21 April 2012 by Ian Davis
I thought it was about time I gave an update on my progress with Amberfell. This week I have mostly been relearning linear algebra! I haven’t touched this kind of maths since University and its been refreshing to come back to it although it’s scary how much I have forgotten. The old adage is certainly true: if you don’t use it you lose it.
Before I embarked on reworking all the maths I implemented multiple textures for blocks. You can see in the video that the stone blocks now have green patches on top of them which is the result of my feeble art skills attempting to draw grass. Consider them placeholders for the moment.
Previously I had got block placement working and it was trivial to add block deletion too. However I soon hit a problem: I wanted to highlight the position under the mouse pointer so it was more obvious where the block was going to be placed. This is where the method of detecting the block under the mouse coordinates came unstuck. I had been using a little trick where on a mouse click you redraw the scene around the player but colour each block with a unique colour. I can then test the colour of the pixel under the mouse pointer and derive the block identifier from the colour value. This happens really quickly especially since I turned all lighting effects off and only rendered blocks close to the player and one frame out of 20 per second isn’t noticeable. However it’s not fast enough to cope with continuous mouse movement and the game ground to a halt. I needed a faster way to do it which meant digging into the maths of the 3d projection.

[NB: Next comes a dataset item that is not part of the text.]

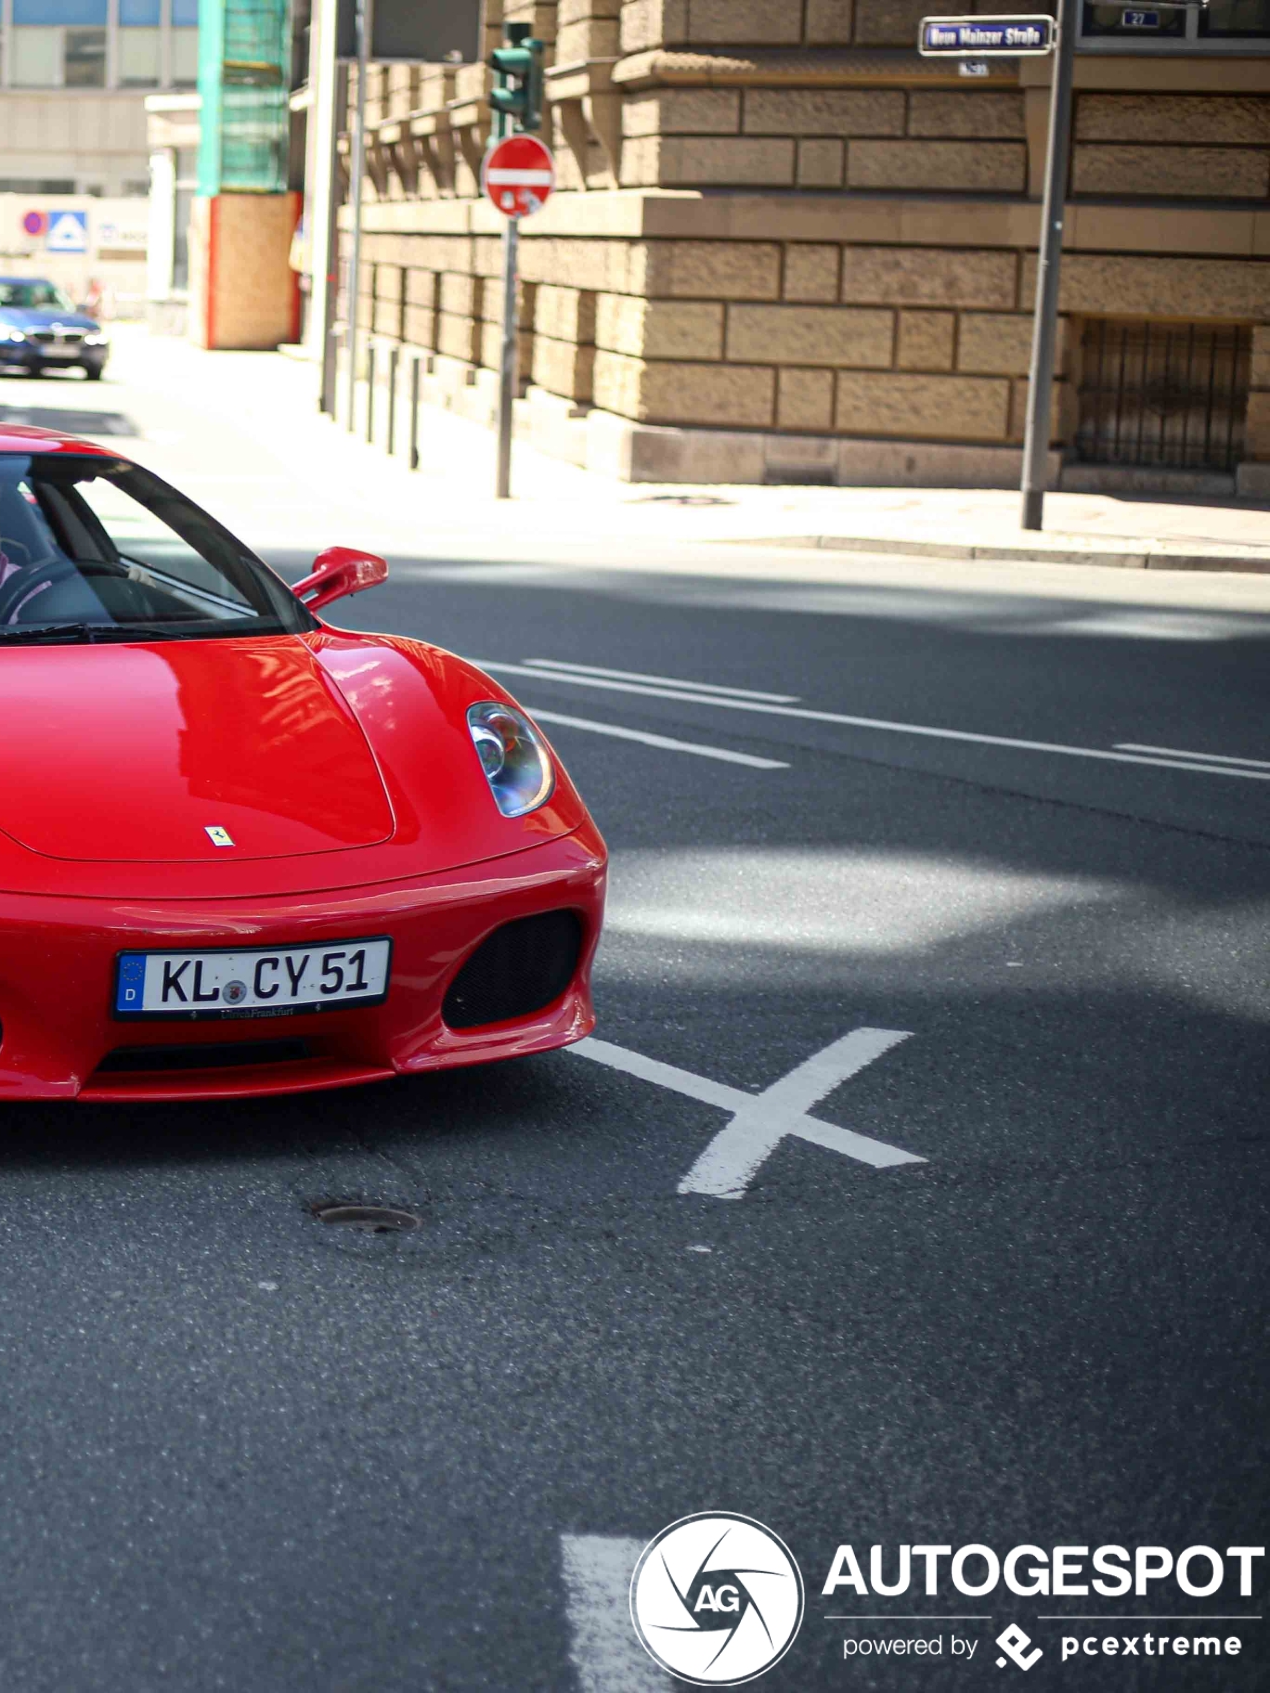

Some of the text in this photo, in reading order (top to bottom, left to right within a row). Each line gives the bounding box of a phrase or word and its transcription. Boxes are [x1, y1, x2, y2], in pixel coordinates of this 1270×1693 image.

The basic idea is that I needed to turn a pair of coordinates on the screen into a line in the 3d model. If the model was oriented side on then a point on the screen would be mapped to a horizontal line extending into the screen. Because the game world is rotated, tilted and translated from the origin the line also needs to be transformed in the same way. In OpenGL all these transformations are specified by using 4×4 matrices that are applied to everything drawn to convert their positions to a point on the screen. To go from a point on the screen to a position in the world requires the inverse to be done. I was using the simple rotations and translation convenience methods so had to replace them with a direct matrix version. Getting that done was a bit mind-bending as I had to unpick various bits of code, often working in the dark as the world rendered off screen, upside down or at a strange angle. Once I had that all worked out I needed to write code to invert the matrix and apply it to the mouse coordinates. Amazingly that worked first time leaving me with the problem of finding out which block the line from the mouse coordinates hits and on which face. All these algorithms are well known and taught in every introductory 3D Graphics Programming course so I’ve been on a pretty rapid learning curve, made a little harder by porting them to Go as I went (not really onerous, Go is a beautiful language to use – more on that another time).
You can see the results in the video. The red square follows the mouse around whether I move the pointer myself or move the world underneath the mouse pointer. I will change that ugly red square into a nice glowing effect on the block in due course. Now I need to reimplement the block placement and removal.